• [WHAT IS BEING ASKED] Repeat every entry in full. Match each line exactly.

────────────────────────────────────────

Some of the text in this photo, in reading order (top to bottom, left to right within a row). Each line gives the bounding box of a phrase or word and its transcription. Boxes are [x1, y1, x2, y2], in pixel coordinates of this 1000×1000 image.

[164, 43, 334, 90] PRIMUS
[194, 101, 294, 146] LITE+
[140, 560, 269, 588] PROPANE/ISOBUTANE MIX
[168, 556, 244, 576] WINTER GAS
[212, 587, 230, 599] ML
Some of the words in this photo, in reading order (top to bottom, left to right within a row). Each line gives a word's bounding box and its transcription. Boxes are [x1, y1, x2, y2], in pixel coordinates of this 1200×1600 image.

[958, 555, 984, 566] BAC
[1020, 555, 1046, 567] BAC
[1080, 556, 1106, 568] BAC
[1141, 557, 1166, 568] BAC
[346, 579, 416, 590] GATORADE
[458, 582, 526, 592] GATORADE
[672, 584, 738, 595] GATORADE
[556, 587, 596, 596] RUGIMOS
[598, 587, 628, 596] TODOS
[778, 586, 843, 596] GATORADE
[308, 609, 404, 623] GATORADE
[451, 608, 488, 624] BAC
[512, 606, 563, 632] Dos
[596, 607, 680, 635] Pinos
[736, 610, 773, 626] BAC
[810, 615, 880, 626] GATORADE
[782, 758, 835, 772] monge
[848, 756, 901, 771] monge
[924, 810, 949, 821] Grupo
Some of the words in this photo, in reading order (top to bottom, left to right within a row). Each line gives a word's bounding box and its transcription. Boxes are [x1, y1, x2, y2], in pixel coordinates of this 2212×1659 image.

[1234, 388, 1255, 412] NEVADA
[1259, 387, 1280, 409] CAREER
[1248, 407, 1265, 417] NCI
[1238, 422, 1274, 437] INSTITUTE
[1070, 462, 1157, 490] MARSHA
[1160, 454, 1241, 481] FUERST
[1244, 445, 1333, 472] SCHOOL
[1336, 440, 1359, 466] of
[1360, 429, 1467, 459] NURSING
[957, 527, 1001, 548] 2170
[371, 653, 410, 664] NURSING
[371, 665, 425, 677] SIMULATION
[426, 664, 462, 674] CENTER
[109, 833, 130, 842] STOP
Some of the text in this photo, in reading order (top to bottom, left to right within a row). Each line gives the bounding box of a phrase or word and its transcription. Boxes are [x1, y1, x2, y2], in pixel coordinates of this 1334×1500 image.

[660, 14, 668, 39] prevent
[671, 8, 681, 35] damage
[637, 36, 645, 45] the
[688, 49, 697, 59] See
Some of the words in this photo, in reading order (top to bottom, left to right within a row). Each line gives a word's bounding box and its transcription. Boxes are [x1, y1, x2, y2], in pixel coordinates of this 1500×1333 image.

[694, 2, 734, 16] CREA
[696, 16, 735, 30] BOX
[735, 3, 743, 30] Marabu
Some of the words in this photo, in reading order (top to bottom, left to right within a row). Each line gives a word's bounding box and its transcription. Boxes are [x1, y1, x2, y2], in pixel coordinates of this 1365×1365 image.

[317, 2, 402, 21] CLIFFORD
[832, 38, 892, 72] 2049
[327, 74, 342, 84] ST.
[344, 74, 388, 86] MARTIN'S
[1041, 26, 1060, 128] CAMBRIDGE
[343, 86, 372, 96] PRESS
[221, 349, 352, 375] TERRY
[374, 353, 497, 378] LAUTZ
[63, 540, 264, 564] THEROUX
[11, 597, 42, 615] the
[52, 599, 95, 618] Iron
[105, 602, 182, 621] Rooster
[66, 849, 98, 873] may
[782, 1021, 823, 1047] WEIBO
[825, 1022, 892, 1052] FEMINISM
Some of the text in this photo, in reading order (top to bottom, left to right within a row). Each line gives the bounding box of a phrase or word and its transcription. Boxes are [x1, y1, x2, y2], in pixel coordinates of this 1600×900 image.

────────────────────────────────────────

• [OUTPUT BELOW]
Some of the text in this photo, in reading order (top to bottom, left to right within a row). Each line gives the bounding box of a phrase or word and its transcription. Boxes are [x1, y1, x2, y2], in pixel coordinates of this 1000×1000 image.

[164, 43, 334, 90] PRIMUS
[194, 101, 294, 146] LITE+
[140, 560, 269, 588] PROPANE/ISOBUTANE MIX
[168, 556, 244, 576] WINTER GAS
[212, 587, 230, 599] ML
Some of the words in this photo, in reading order (top to bottom, left to right within a row). Each line gives a word's bounding box and its transcription. Boxes are [x1, y1, x2, y2], in pixel coordinates of this 1200×1600 image.

[958, 555, 984, 566] BAC
[1020, 555, 1046, 567] BAC
[1080, 556, 1106, 568] BAC
[1141, 557, 1166, 568] BAC
[346, 579, 416, 590] GATORADE
[458, 582, 526, 592] GATORADE
[672, 584, 738, 595] GATORADE
[556, 587, 596, 596] RUGIMOS
[598, 587, 628, 596] TODOS
[778, 586, 843, 596] GATORADE
[308, 609, 404, 623] GATORADE
[451, 608, 488, 624] BAC
[512, 606, 563, 632] Dos
[596, 607, 680, 635] Pinos
[736, 610, 773, 626] BAC
[810, 615, 880, 626] GATORADE
[782, 758, 835, 772] monge
[848, 756, 901, 771] monge
[924, 810, 949, 821] Grupo
Some of the words in this photo, in reading order (top to bottom, left to right within a row). Each line gives a word's bounding box and its transcription. Boxes are [x1, y1, x2, y2], in pixel coordinates of this 2212×1659 image.

[1234, 388, 1255, 412] NEVADA
[1259, 387, 1280, 409] CAREER
[1248, 407, 1265, 417] NCI
[1238, 422, 1274, 437] INSTITUTE
[1070, 462, 1157, 490] MARSHA
[1160, 454, 1241, 481] FUERST
[1244, 445, 1333, 472] SCHOOL
[1336, 440, 1359, 466] of
[1360, 429, 1467, 459] NURSING
[957, 527, 1001, 548] 2170
[371, 653, 410, 664] NURSING
[371, 665, 425, 677] SIMULATION
[426, 664, 462, 674] CENTER
[109, 833, 130, 842] STOP
Some of the text in this photo, in reading order (top to bottom, left to right within a row). Each line gives the bounding box of a phrase or word and its transcription. Boxes are [x1, y1, x2, y2], in pixel coordinates of this 1334×1500 image.

[660, 14, 668, 39] prevent
[671, 8, 681, 35] damage
[637, 36, 645, 45] the
[688, 49, 697, 59] See
Some of the words in this photo, in reading order (top to bottom, left to right within a row). Each line gives a word's bounding box and its transcription. Boxes are [x1, y1, x2, y2], in pixel coordinates of this 1500×1333 image.

[694, 2, 734, 16] CREA
[696, 16, 735, 30] BOX
[735, 3, 743, 30] Marabu
Some of the words in this photo, in reading order (top to bottom, left to right within a row). Each line gives a word's bounding box and its transcription. Boxes are [x1, y1, x2, y2], in pixel coordinates of this 1365×1365 image.

[317, 2, 402, 21] CLIFFORD
[832, 38, 892, 72] 2049
[327, 74, 342, 84] ST.
[344, 74, 388, 86] MARTIN'S
[1041, 26, 1060, 128] CAMBRIDGE
[343, 86, 372, 96] PRESS
[221, 349, 352, 375] TERRY
[374, 353, 497, 378] LAUTZ
[63, 540, 264, 564] THEROUX
[11, 597, 42, 615] the
[52, 599, 95, 618] Iron
[105, 602, 182, 621] Rooster
[66, 849, 98, 873] may
[782, 1021, 823, 1047] WEIBO
[825, 1022, 892, 1052] FEMINISM
Some of the text in this photo, in reading order (top to bottom, left to right within a row). Each line gives the bounding box of a phrase or word and its transcription. Boxes are [x1, y1, x2, y2], in pixel coordinates of this 1600×900 image.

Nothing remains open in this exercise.